CAÑUMIL VA; SCOTTI L; FRANCHI A; MERESMAN G; PARBORELL MF; RIBEIRO ML

Simposio; International Symposium of Reproductive Health; 2021

Successful implantation and placentation requires vascular transformation of the uterus. A dynamic interaction between cells at the maternal-fetal interface is crucial for these processes. Anandamide (AEA) is an endocannabinoid that regulates embryo implantation and many of the placental functions. The uterine levels of AEA are primarily regulated by fatty acid amide hydrolase (FAAH), its degrading enzyme.
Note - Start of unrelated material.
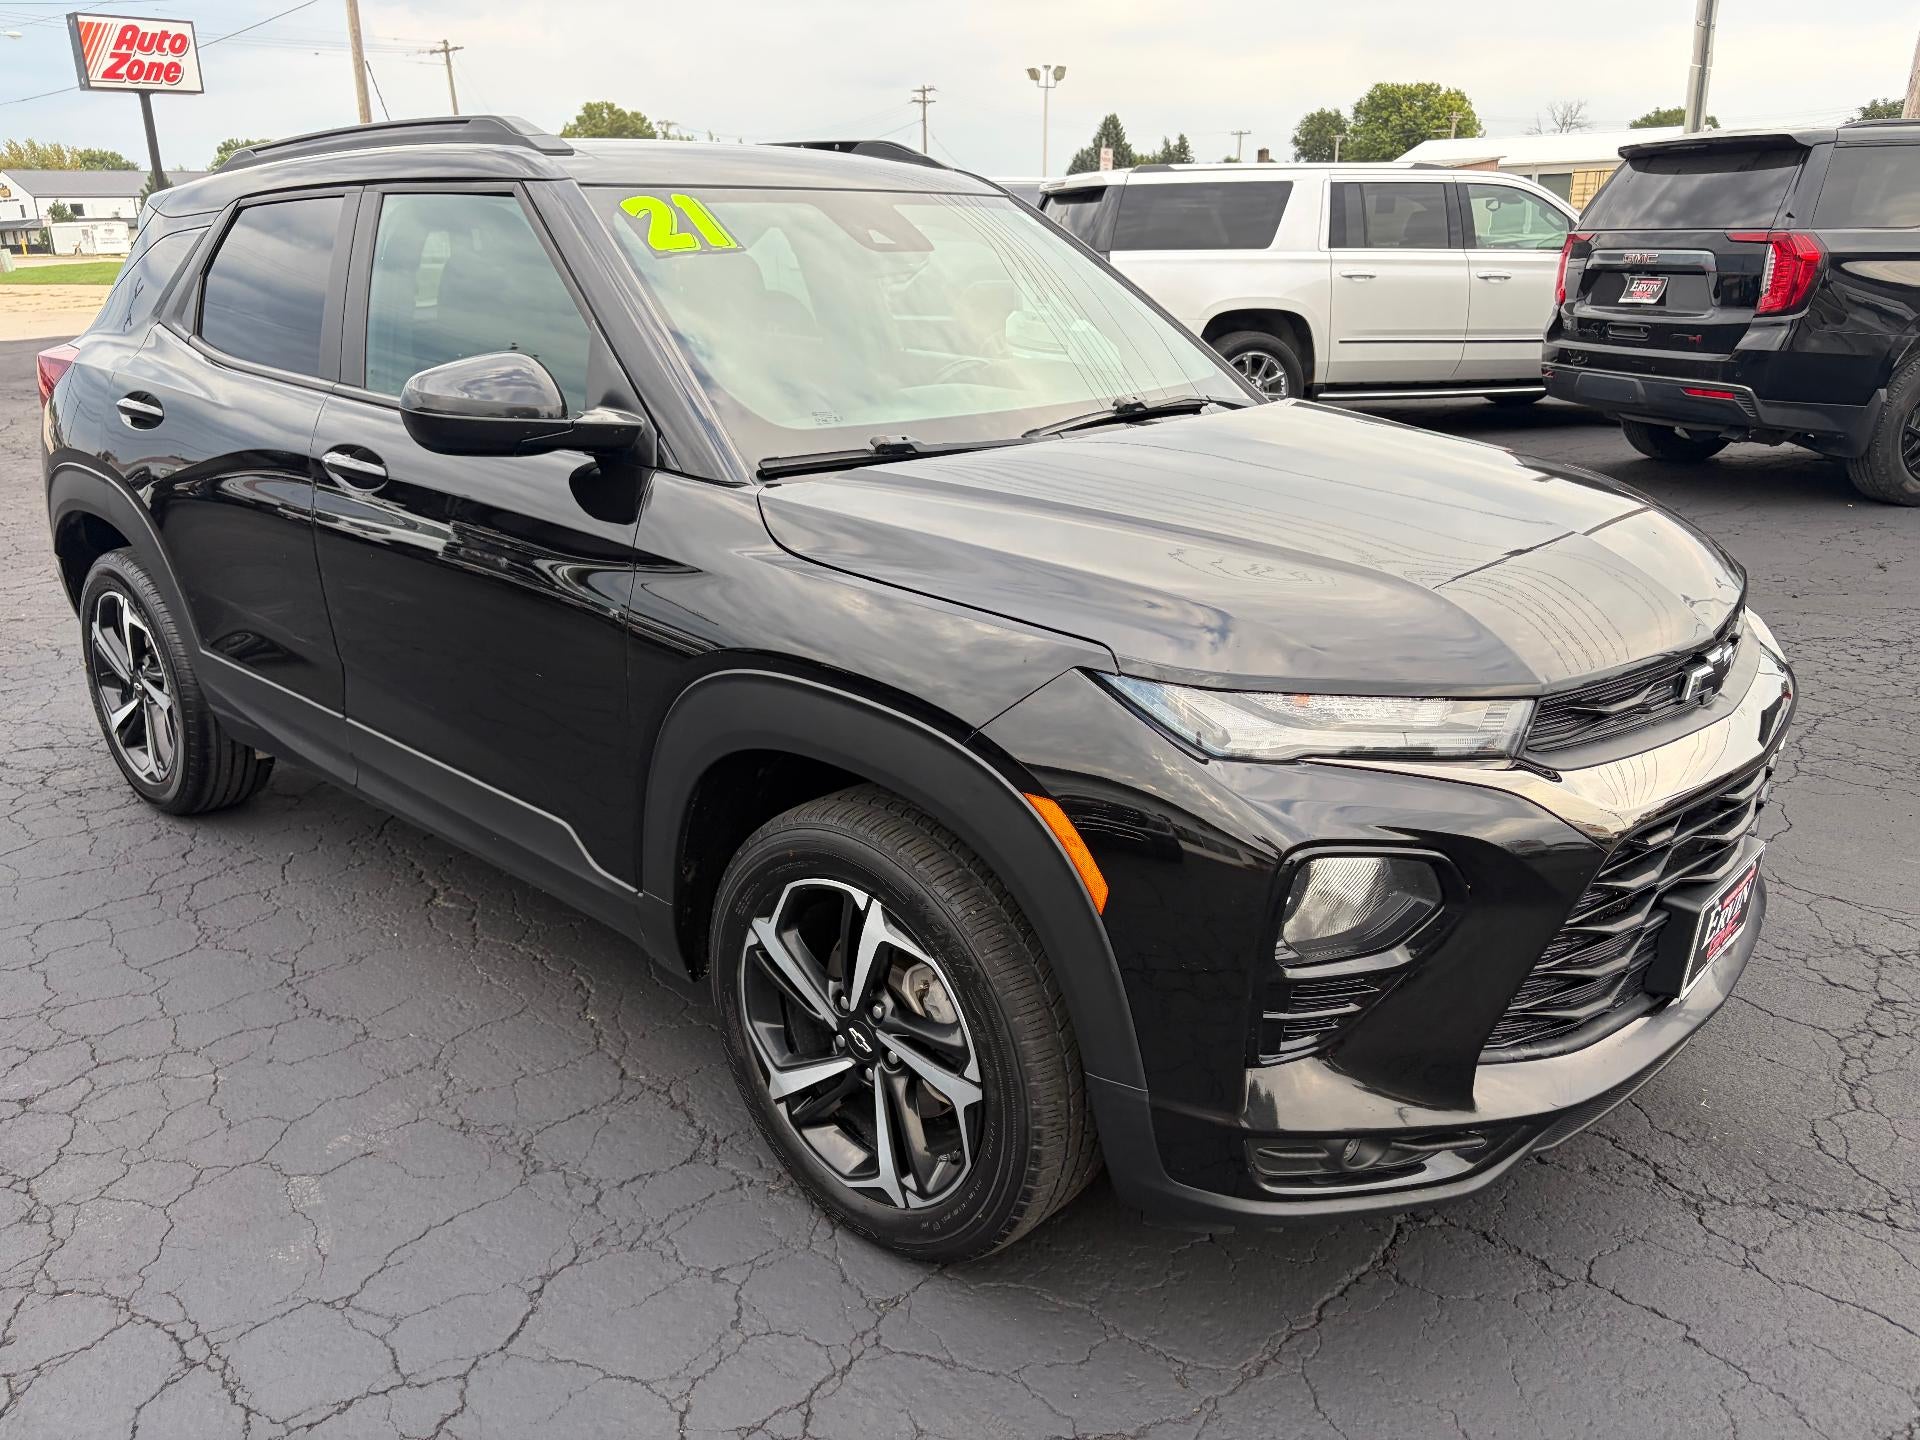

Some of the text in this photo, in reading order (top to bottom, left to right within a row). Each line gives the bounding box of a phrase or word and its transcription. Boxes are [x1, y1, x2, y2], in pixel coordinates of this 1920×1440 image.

Using in-vivo and in-vitro approaches we investigated the role of anandamide in the vascular remodeling of the uterus at early gestation. Also, ciclooxigenase- 2 (COX-2) participation was studied. First, Wistar rats received an intrauterine injection of URB-597 in day 5 of gestation (day of implantation). URB-597 is a highly selective inhibitor of FAAH. Control horns were injected with vehicle. Animals were euthanized in day 8. We observed that: (1) URB-597 increased fetal resorptions and induced aberrant embryo spacing and abortions, (2) URB-597 augmented the cross-sectional length of the uterine and arcuate arteries, and (3) Meloxicam (a highly selective COX-2 inhibitor) prevented URB-597 effects. Afterward, we studied the effect of AEA in the interaction between the endometrial stromal fibroblasts and the endothelial cells of the maternal vessels. Thus, human endometrial stromal cells (T-hESC) were incubated with AEA or AEA + meloxicam. AEA stimulated T-hESC migration in a concentration-dependent manner and COX-2 mediated this effect. To test endometrial fibroblasts-endothelial crosstalk, the endothelial cell line EA.hy926 was incubated with T-hESC conditioned medium. The conditioned media from AEA-induced T-hESC migration stimulated endothelial cells migration. Soluble factors derived from COX-2 pathway were involved in T-hESC and EA.hy926 interaction. Collectively, our results show the participation of AEA in the vascular remodeling that takes place in the uterus during early gestation by a mechanism that involves the COX-2 isoform.